Film Review – Lovelace
Linda Lovelace starred in perhaps the biggest porn movie ever, Deep Throat. The details of her life and what happened to her on- and off-set are less known, and while Lovelace wants to be an expose on these truths, it never knows how to make Linda an interesting person. Instead, we are stuck with the standard biographical film formula that hits all the major events, but does nothing more.
Linda (Amanda Seyfried) is a 21-year-old woman stuck living with her parents, who appear deeply unhappy with her. She hangs out with her friend Patsy (Juno Temple), who is always telling her to loosen up and be less of a prude. Linda seems to catch a break when she meets Chuck (Peter Sarsgaard), a guy who seems into her and treats her well. After they move in together and are low on cash, Chuck has an idea that Linda would be great for the film industry, due to her technique on going down on him. She and her film are a hit, and everything seems to be going well…then we cut back and see what else is behind this success.
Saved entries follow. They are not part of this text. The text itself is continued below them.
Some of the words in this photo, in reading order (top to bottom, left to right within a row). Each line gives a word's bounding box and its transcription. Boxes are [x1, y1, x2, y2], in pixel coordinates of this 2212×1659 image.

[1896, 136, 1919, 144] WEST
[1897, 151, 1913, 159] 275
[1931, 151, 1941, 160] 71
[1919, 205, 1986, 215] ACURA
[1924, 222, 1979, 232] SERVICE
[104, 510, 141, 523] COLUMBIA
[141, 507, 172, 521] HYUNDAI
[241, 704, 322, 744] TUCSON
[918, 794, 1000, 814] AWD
Events move fast as we jump ahead months or even years in time in Linda’s life. But we are given so little information about her that when things are supposed to be different, she feels the same. She tells Chuck that she gave birth to a child and gave it up and that is why her family moved to Florida. However, it is never mentioned again or shown how this affects her. Her relationship with her parents is limited to her mother being disappointed in her and overbearing and her dad being a nonentity. While this gives us the reason that Chuck seems to be a good alternative, as a narrative, it all seems too glossed over.
The film wants to get into Linda’s life with Chuck and with her being in Deep Throat, where it thinks the meat of the story is. We see the attention and adoration she gets for being in Deep Throat, but then the film jumps back in time to show the dark underside of her marriage, which boils down to a bombardment of the terrible things Chuck did to her. While this does paint a picture of the great deal of control he had over her and gives us a sense of her being trapped, it never makes Linda Lovelace feel like a distinct human being.
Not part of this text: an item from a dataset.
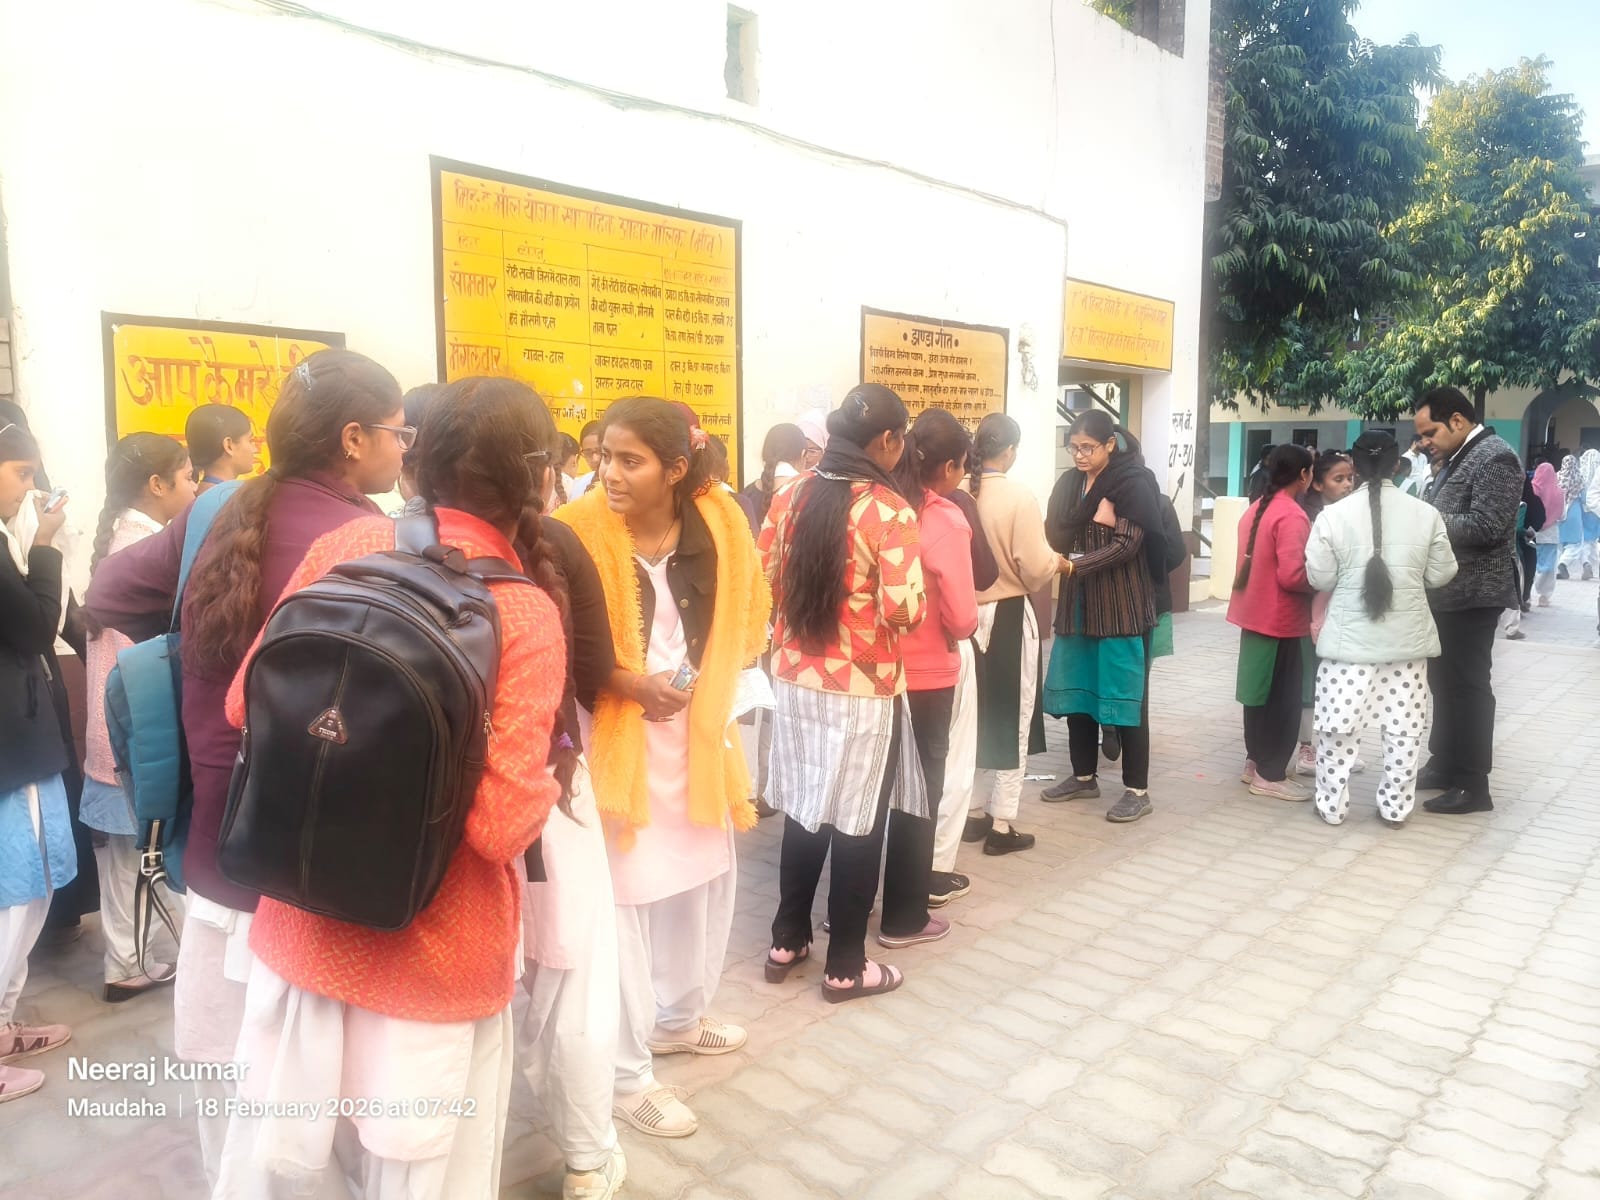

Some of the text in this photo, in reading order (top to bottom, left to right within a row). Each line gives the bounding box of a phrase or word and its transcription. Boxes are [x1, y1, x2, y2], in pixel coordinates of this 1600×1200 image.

None of this is the fault of Amanda Seyfried, who is not bad. But she is limited in what she is allowed to do with her role. She smiles pretty, acts “bad” in the porn scenes, and plays the terrified trapped woman, with the terror in her eyes and the fake smiles. Yet beyond these looks, the sense of who this woman is never becomes any clearer. Additionally, Peter Sarsgaard plays dark well, but it is one-note. He is just a monster over and over again, serving as something for us to hate and little else.
Directors Rob Epstein and Jeffrey Friedman make a point about how little money Lovelace made from being in Deep Throat, and that she later became an advocate against pornography and got her life back together. The problem is that we are told about this but never shown how she did it or what made her make these changes. In fact, we see many times how her producers and co-workers were helpful to her, and it is Chuck that is the focus of all that goes wrong with her. It is entirely possible that she was mistreated on the set and robbed of her money, yet these details are never given any real time to be explored.
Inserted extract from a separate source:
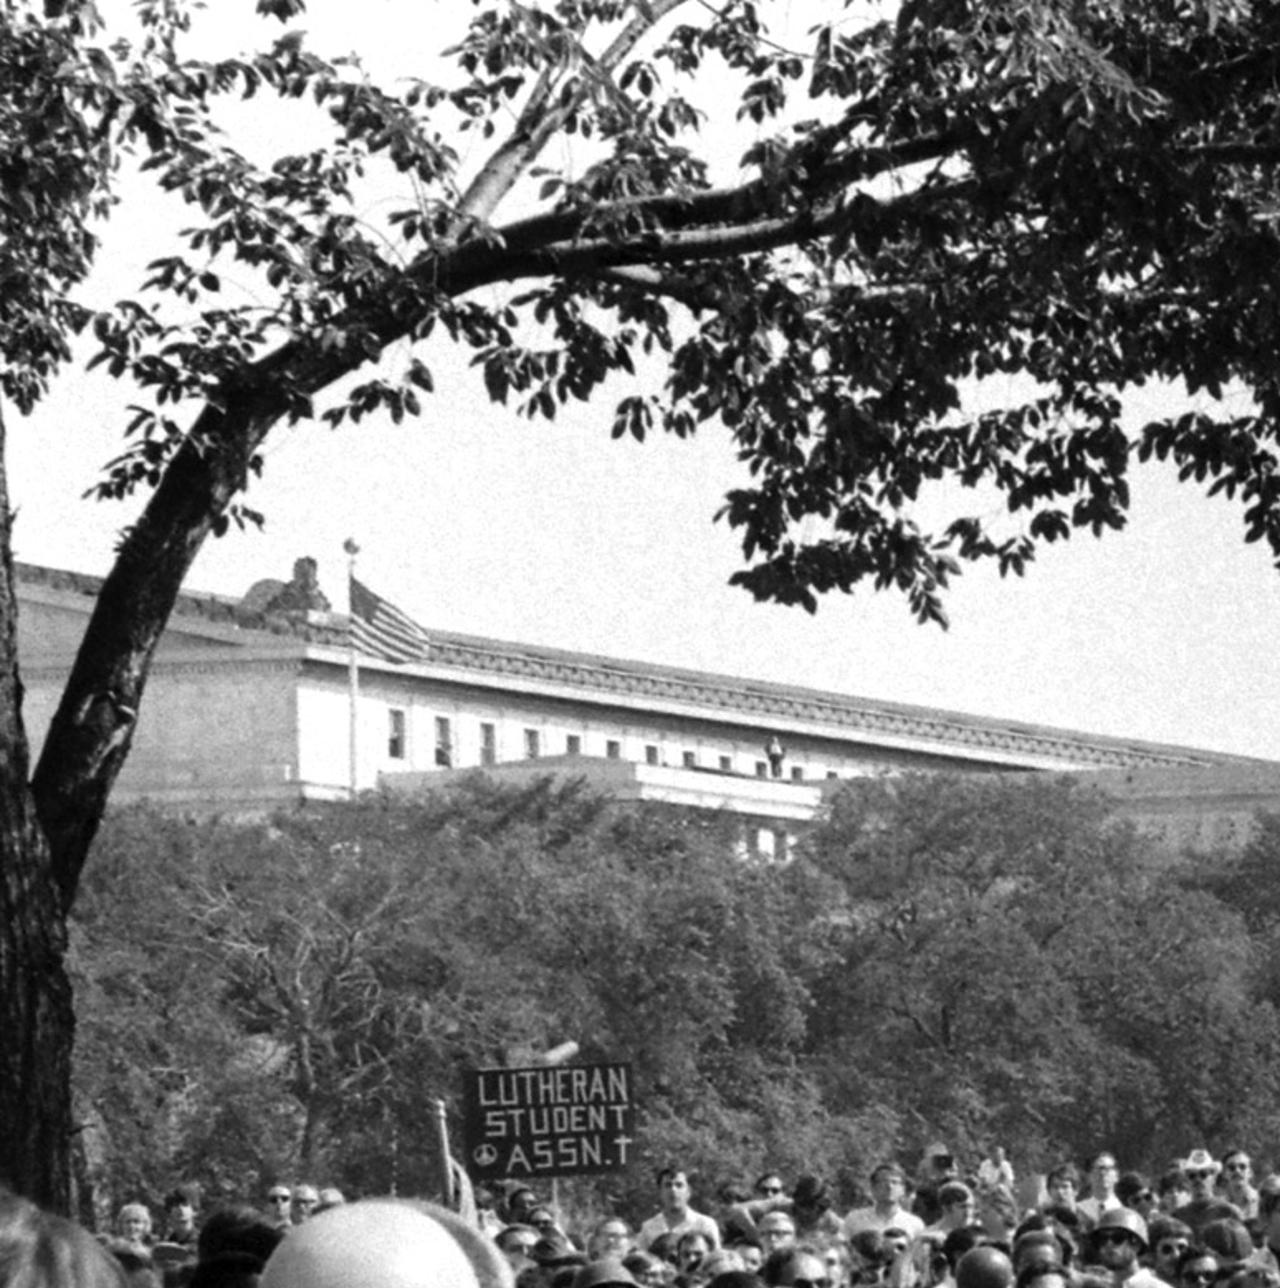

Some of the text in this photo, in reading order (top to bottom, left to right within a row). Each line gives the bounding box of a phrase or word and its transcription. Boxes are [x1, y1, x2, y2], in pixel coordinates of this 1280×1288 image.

Lovelace wants to be a reflection of one woman’s life, how she overcomes a horrible marriage, and a lifestyle she was forced to live, but it glosses over too much to be meaningful. Linda Lovelace says in an interview that she was in porn for seventeen days and she doesn’t want it to define her life. Yet even with a film that seems sympathetic to her, the only thing they have to tell us about is her life in porn. This makes for an unsatisfying viewing experience that fills in some details about this woman’s life but never gets into what made her who she was and who she became.[youtube http://www.youtube.com/watch?v=HPJY-g-WoQo&w=560&h=315]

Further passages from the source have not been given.